5. save the msi as new-drvupdate-amd64.msi

The install command line options do not include a logging option.  If the client has Windows Installer logging turned on via the registry then MSI installation log files are written to C:\Windows\Temp

Note The above edits were successful however other attempts to edit drvupdate-amd64.msi resulted in red driver warning dialog boxes which would stall a silent install.

The SCCM compatibility fix is discussed here:

http://www.itninja.com/software/microsoft/mobile-device-center-driver-update/6-2534

Device connection to PC

A Windows Mobile or Pocket PC device may be connected before (and left connected during) or after an installation.  When a device is connected the WMDC interface will automatically launch.
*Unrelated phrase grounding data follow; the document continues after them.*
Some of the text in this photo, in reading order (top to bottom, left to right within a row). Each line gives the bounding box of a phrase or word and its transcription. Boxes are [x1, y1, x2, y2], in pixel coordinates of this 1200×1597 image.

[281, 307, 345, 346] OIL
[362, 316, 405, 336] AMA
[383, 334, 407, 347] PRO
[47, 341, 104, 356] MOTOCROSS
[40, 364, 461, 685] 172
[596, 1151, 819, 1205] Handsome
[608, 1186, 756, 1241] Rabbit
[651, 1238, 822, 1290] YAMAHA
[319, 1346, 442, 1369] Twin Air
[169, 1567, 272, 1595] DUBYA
It is possible that the automatic WMDC launch may be disrupted (hang) the first time a device is connected by a user.  

 A process called wmdhost.exe begins when a windows mobile device is connected to the PC.

 

WMDC Startup

The installation configures C:\Windows\WindowsMobile\WMDC.exe to launch at login via the 64-bit HKLM Run key.  Wmdc.exe runs in the background silently.  The shortcut uses the /show parameter to show the user interface.

Mobsync

WMDC can make use of mobsync which is a Windows 7 built in mobile device synchronization utility.

Further Reading

http://pocketpccentral.net/help/win7_and_winmobile.htm

Uninstall fault on Clean Windows 7 machines

uninstalling the two relevent MSIs.  This may work correctly on a build PC due to the presence of email software.  Silent uninstalls on clean Windows 7 PC fail due to a custom action which generates a dialog box:-

“There is no email program associated to perform the requested action.  Please install an email program or, if one is already installed, create an association in the Default Programs control panel.”